# Year of the tick?



## oucat (Aug 18, 2005)

Has anyone else noticed an abundance of ticks this fall? I always find ticks in May (and generally only May), but over the past week they have been everywhere. 

I think they are deer ticks, which I have never had any encounters with until the last couple weeks.


----------



## RiverWader (Apr 1, 2006)

I havent seen any this fall, Even while running the Beagles


----------



## oucat (Aug 18, 2005)

Yea I don't know what is going on, have pulled at least 10 off the dog this week. probably need to re up on the frontline


----------



## hatrat24 (Apr 25, 2010)

My son and I have been hunting in P.A. and Ohio this yr and have had aleast 5-6 ticks on us every single time we have been out. It seems really bad this yr.


----------



## BigTripp (Oct 1, 2010)

My parents have 103 acres and ticks are usually a huge problem. This year I think I've gotten maybe 3 when usually I get at least 3 a trip.

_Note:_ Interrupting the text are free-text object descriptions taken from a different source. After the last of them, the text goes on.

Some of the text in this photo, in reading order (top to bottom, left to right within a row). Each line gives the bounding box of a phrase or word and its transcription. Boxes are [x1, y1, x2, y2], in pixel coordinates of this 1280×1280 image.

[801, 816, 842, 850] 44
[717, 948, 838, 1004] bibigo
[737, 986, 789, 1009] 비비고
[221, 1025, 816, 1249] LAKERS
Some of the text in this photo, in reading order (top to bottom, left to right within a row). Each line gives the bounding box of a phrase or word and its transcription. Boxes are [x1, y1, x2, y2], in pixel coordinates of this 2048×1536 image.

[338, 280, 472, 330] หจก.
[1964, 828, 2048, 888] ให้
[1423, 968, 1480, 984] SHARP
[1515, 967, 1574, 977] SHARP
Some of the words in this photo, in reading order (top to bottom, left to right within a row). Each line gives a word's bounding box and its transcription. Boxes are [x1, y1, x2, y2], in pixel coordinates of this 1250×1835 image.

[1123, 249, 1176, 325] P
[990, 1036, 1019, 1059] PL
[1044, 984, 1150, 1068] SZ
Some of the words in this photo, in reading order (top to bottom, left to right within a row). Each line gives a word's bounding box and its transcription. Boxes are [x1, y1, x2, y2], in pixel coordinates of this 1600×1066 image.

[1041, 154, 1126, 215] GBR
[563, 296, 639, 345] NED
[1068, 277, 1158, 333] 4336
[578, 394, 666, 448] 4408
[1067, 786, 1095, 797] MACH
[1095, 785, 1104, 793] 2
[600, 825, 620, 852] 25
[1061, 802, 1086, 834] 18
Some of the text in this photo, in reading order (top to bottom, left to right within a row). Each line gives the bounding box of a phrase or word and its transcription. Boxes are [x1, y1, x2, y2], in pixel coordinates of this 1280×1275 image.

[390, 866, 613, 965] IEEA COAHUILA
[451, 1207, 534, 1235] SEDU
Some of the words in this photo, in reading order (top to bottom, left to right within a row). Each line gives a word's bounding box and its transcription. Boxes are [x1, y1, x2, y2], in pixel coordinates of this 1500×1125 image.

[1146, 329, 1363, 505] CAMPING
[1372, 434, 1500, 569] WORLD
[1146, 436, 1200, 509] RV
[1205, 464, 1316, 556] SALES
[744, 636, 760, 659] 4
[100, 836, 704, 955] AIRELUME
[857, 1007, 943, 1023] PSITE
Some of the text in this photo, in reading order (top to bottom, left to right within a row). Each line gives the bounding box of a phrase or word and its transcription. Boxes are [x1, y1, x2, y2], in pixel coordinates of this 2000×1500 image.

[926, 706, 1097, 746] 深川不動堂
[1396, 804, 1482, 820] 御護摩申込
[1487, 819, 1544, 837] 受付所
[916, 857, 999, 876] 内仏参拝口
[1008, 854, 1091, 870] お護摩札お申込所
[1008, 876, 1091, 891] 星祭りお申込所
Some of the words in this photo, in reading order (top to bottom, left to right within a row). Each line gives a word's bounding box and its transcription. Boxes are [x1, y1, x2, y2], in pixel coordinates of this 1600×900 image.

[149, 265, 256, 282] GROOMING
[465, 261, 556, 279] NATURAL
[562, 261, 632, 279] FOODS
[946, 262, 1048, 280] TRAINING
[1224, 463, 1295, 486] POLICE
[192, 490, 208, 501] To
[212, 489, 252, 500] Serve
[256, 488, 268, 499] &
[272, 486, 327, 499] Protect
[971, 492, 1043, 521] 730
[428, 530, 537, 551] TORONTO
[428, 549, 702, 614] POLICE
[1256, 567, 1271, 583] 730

If anything I'd say you have it backwards.


----------



## justin3687 (May 29, 2009)

I've hardly had any tick encounters myself 

Outdoor Hub mobile, the outdoor information engine


----------



## ezbite (May 25, 2006)

Not a single tick here, now I'll probably have 20 on me tomorrow.lol


----------



## Whaler (Nov 16, 2004)

I saw a report on the news a week or so ago about two different ticks in northeast ohio now that cause some pretty nasty diseases so I would say protect yourself with a deet type spray.


----------



## Weekender#1 (Mar 25, 2006)

Helping bring in a deer this past week and there were a couple of ticks on him. Don't know the species but I guess we can call them deer ticks. NW Ohio.


----------



## ezbite (May 25, 2006)

Whaler said:


> I saw a report on the news a week or so ago about two different ticks in northeast ohio now that cause some pretty nasty diseases so I would say protect yourself with a deet type spray.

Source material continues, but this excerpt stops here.